Julie Mehretu's slide lecture at Cranbrook Tuesday, Nov 29, 2005.
Painter and winner of a 2005 McArthur Award, Ethiopian born Julie Mehretu spoke about her inspiration and background for her work at Cranbrook last week. Correspondent Mike Richison filed this review of her lecture.

In her slide lecture at Cranbrook Art Museum last Tuesday, painter Julie Mehretu made the following statement, "Maps aren't necessarily truths". It's an interesting statement considering how a western society is programmed to think of a map. Think back to elementary school. The social studies teacher pulls down a map of the world and points out the continents, countries, and capitals. Such and such city is the capital of such and such country. But according to whom? The citizens of that nation? The makers of the map? The government of the nation that colonized that nation? From an early age, we are taught to believe the map. We are taught to interpret the lines and dots that represent groups of people and their respective locations as truth. We look to the key – the little box in the corner of the map – to interpret the marks and colors in order to understand how entire cultures inhabit a physical space. Our relationship with the map and the key that began when we were children continues into adulthood as we read the atlas, newspaper, or watch the news to learn about the weather, where we're driving, or who's invading whom.
But if maps aren't truths, what are they? When we look at a map or another two dimensional display of information, what exactly are we looking at? Mehretu's large, complicated paintings add visual, physical, and conceptual layers to this discussion, adding viewpoints and possibilities to this debate.

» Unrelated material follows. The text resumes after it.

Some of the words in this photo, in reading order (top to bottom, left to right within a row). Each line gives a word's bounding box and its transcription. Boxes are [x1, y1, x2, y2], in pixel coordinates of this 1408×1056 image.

Like any traveler pouring over a map of someplace he or she has never been, the viewer is at first overwhelmed with the sheer amount and variety of information in Mehretu's work. “Renegade Delirium” at first looks like some sort of disaster or storm. The 90" x 144" canvas is filled with what appears to be an infinite number of elements. Dark swirls comprised of handmade calligraphic hatch marks contrast with clean geometric lines and shapes underneath. Interspersed throughout are polygons and thick areas of color that range from small rectilinear forms to large swooping stripes.

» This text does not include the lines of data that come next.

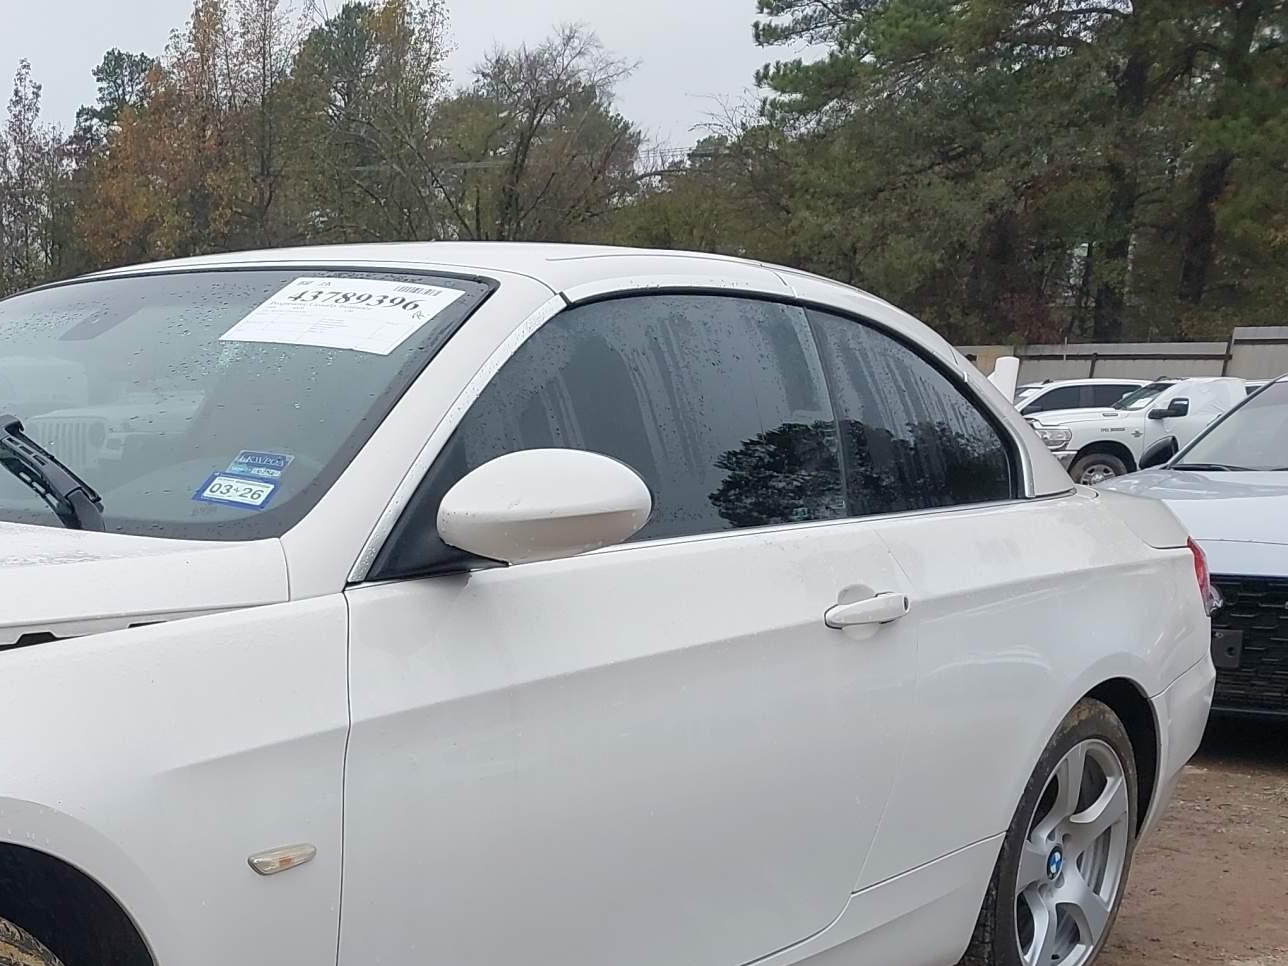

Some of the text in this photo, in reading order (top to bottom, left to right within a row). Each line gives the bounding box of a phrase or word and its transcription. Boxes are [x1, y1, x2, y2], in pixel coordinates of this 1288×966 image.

[288, 288, 424, 311] 43789396
[209, 482, 233, 495] 03
[239, 487, 264, 500] 26
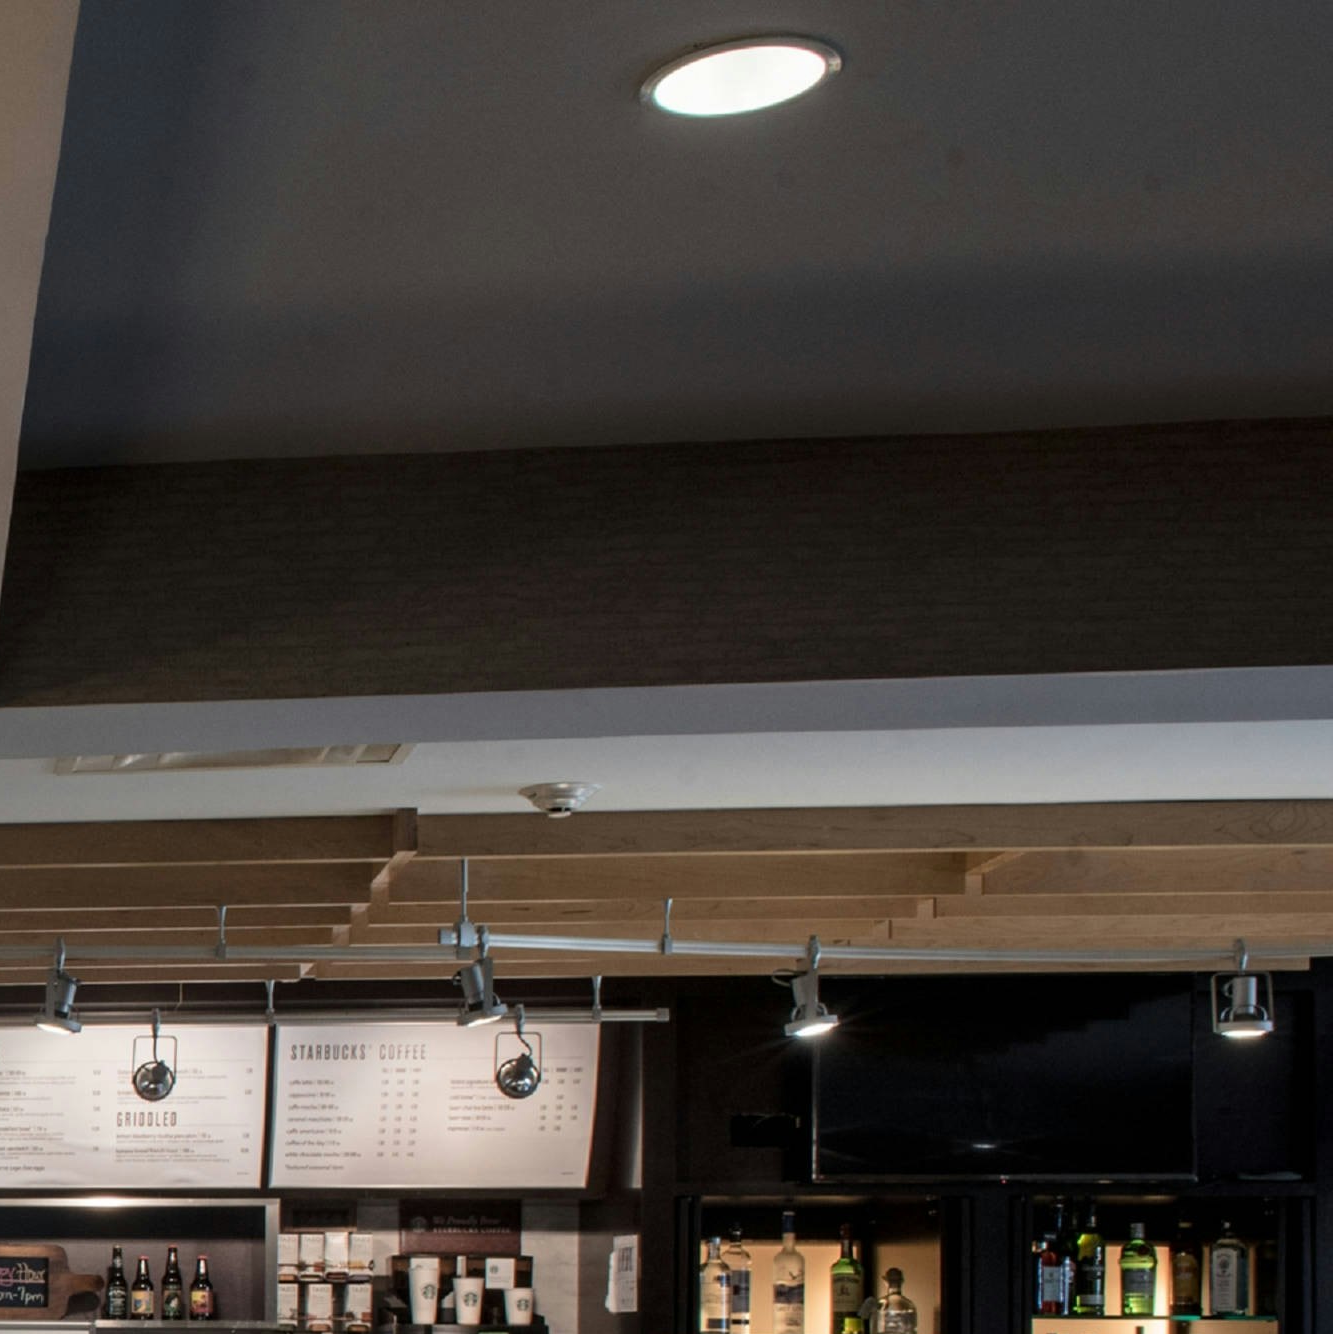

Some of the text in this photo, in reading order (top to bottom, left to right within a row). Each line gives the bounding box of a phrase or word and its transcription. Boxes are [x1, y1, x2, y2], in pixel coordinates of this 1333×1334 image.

[290, 1043, 426, 1061] STARBUCKS COFFEE
[116, 1111, 177, 1127] GRIDDLED
[15, 1262, 46, 1281] Hour

Mehretu became the map key in her lecture by isolating the elements in her work – and guiding the listener/viewer through a chaotic world held together by a system of layers, groupings, and overlapping. “How do we make space?” she asked of the audience, and how do we map a political space vs. a physical space? Mehretu constructs her spaces by appropriating and layering imagery from a variety of disciplines and phenomena. The elements that begin most of her work on the bottommost layer are often some type of schematic, blueprint, or perspectival rendering of architectural elements, overhead plans of urban areas, or drawings of entire structures. In “Transcending: The New International,” she outlines the city limits of every political and cultural capital in Africa. By outlining these urban areas and linking them together, she builds a utopian mega city. She suggests that societies are begun with some sort of ideal plan or structure.

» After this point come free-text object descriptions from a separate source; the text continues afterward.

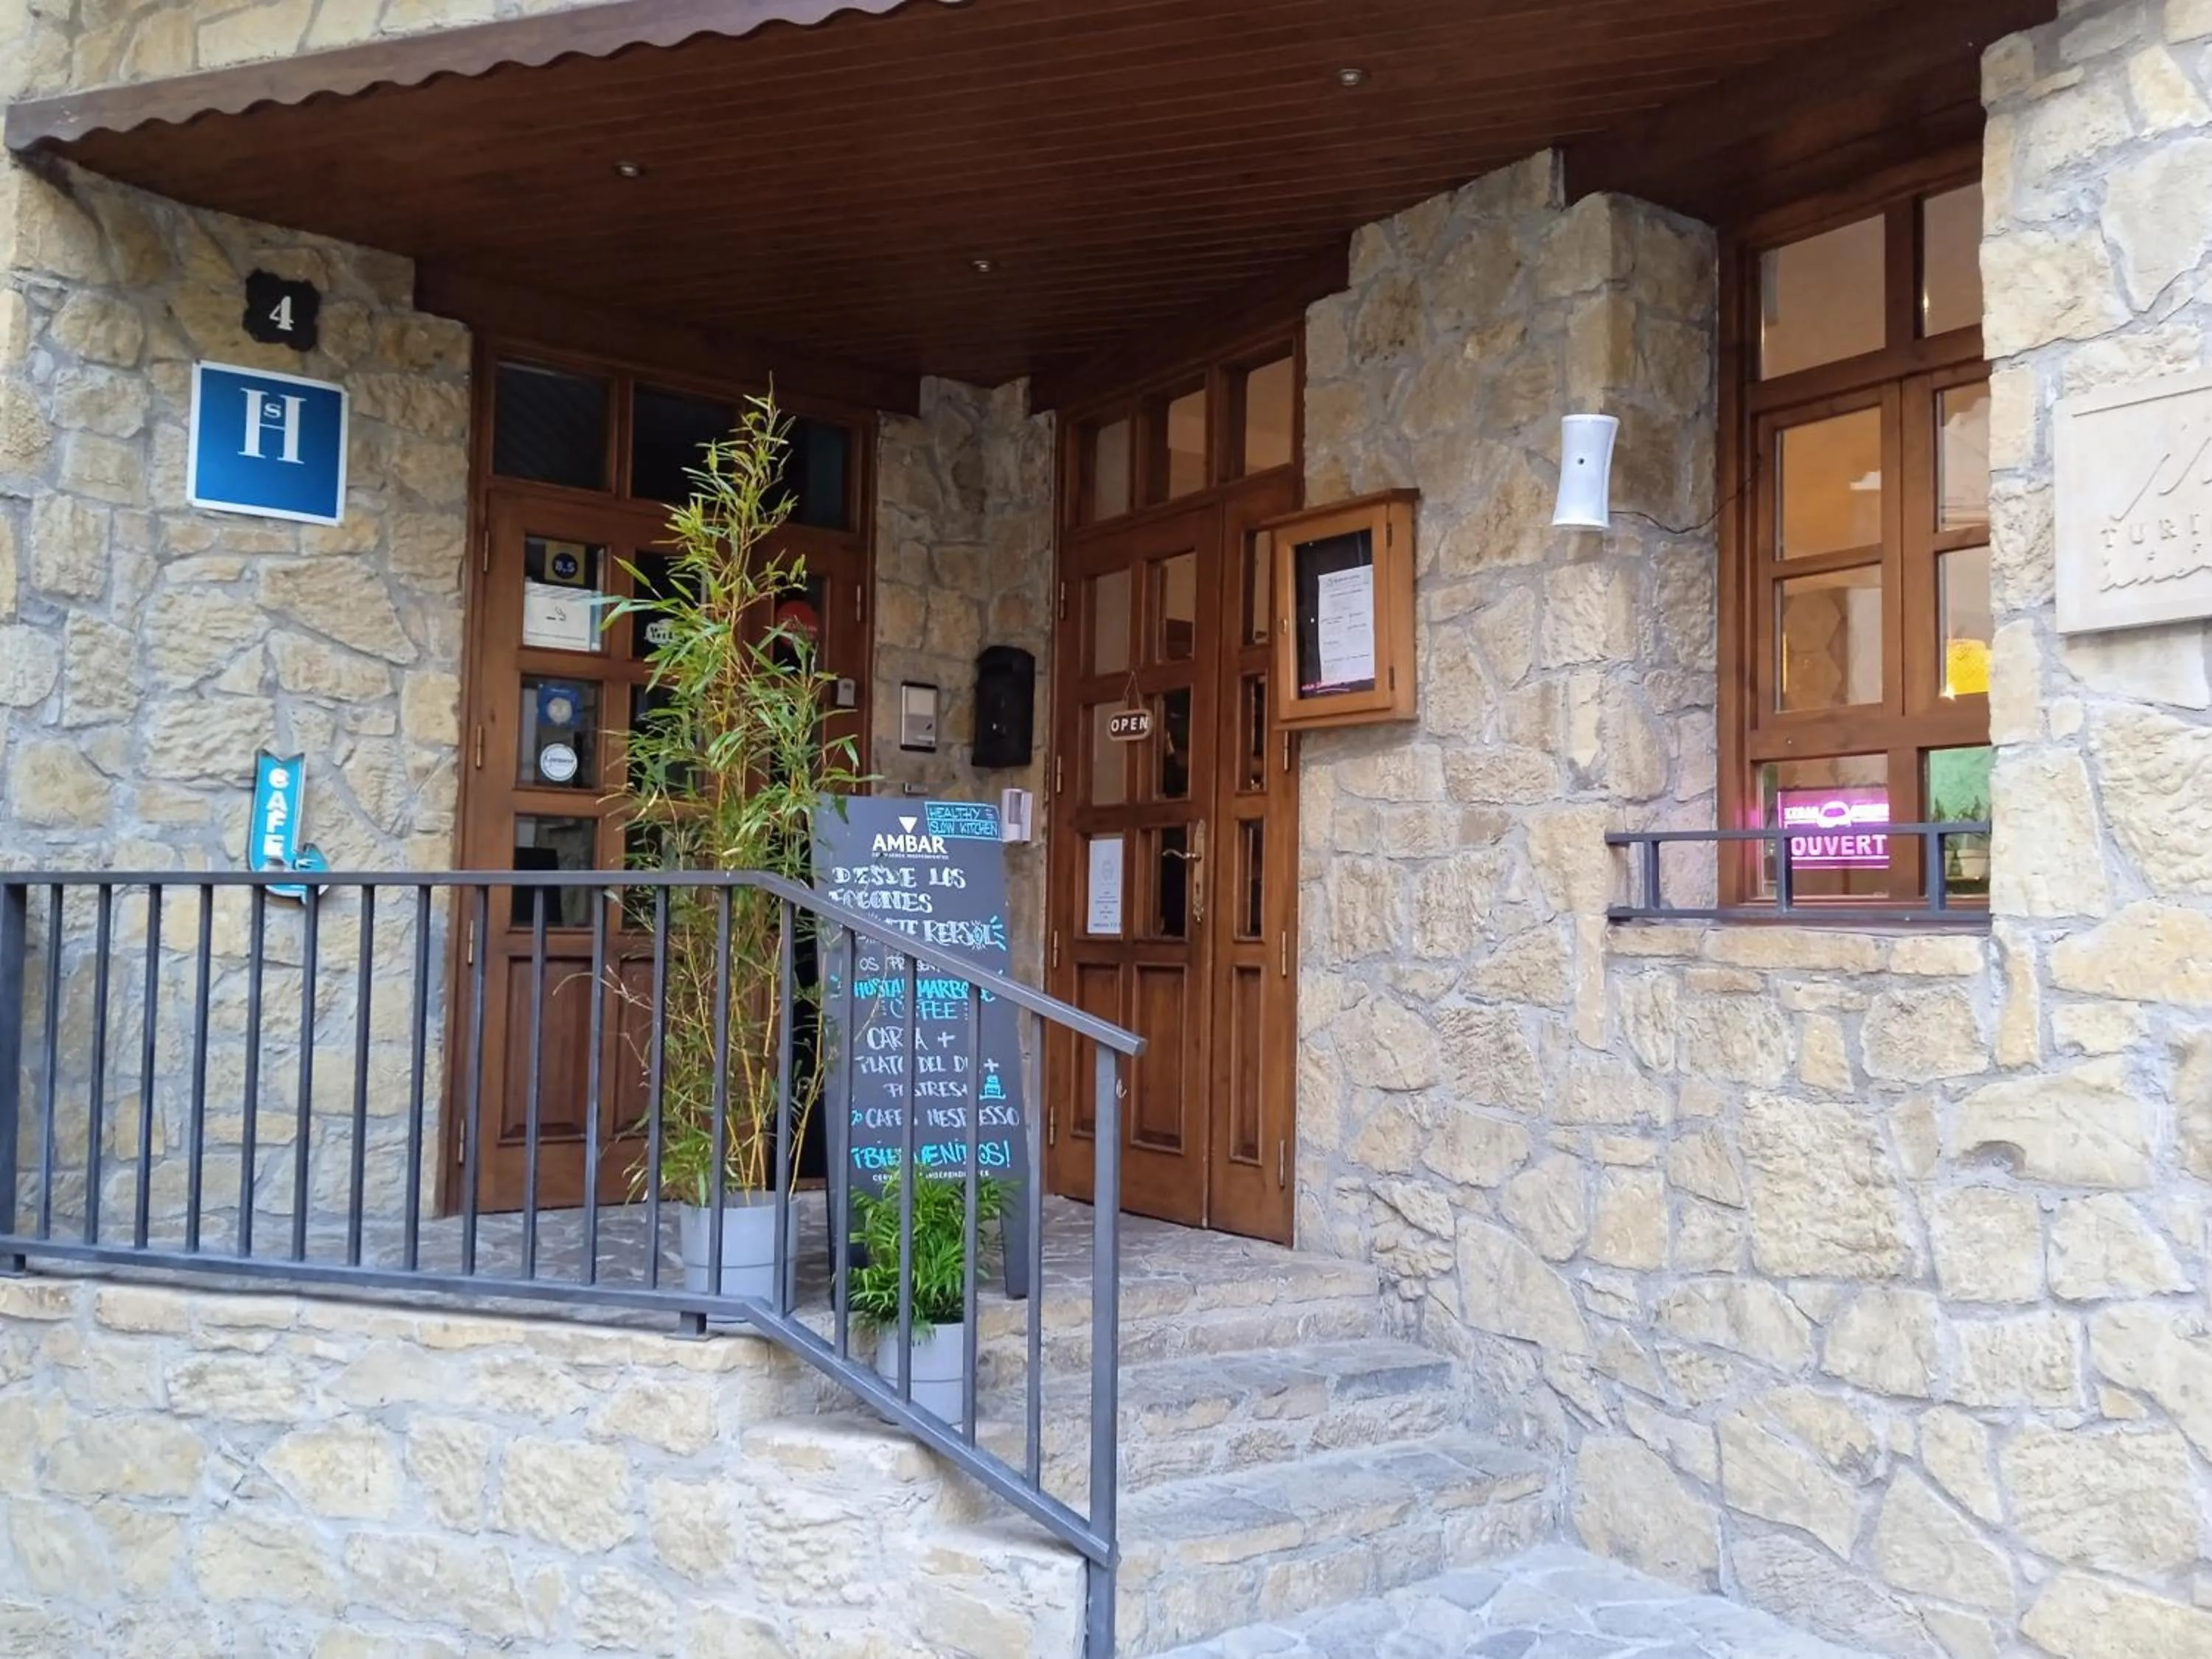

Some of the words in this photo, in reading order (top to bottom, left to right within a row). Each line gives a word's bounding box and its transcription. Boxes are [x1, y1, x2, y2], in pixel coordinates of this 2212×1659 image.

[268, 296, 294, 332] 4
[1110, 717, 1149, 732] OPEN
[930, 807, 981, 820] HEALTHY
[931, 821, 955, 834] SLOW
[960, 822, 998, 837] KITCHEN
[872, 833, 948, 854] AMBAR
[1791, 834, 1888, 856] OUVERT
[929, 866, 967, 888] LOS
[924, 919, 997, 947] REPSOL
[890, 998, 958, 1020] CFEE
[866, 1026, 929, 1051] CARA
[917, 1056, 946, 1074] DEL
[927, 1105, 1020, 1127] NESPESSO

After building a base of several layers of these structures, Mehretu maps out her large swirling clouds. Much like the human population of a geographical area, these large areas of marks are comprised of individuals – individuals which are capable of social change. These clouds become tribes, nations, and entire cultures capable of growth, trade, movement, conflict or extinction.
What the viewer can appreciate about the work is that in spite of its complexity, Mehretu strives to give her viewer some sort of entry point - whether it is an architectural element or a specific color or shape. The “Stadia” series does just that. The architectural elements in the “Stadia” triptych are tracings of every stadium imaginable – from ancient amphitheaters to the most recently constructed sports arenas. Capable of housing an infinitely large audience this mega structure serves as the theater for some super spectacle. And because the stadium renderings are perspectival renderings not technical drawings, the Stadia series begins as literally a collection of viewpoints. Strung across the open fields are rows and rows of pennants, flags and abstract shapes and colors that reference elements from the flag of every nation on earth. There is something for all spectators regardless of city or country of origin. Somewhere in these rows of colors, there is an element or structure a spectator can recognize and relate to.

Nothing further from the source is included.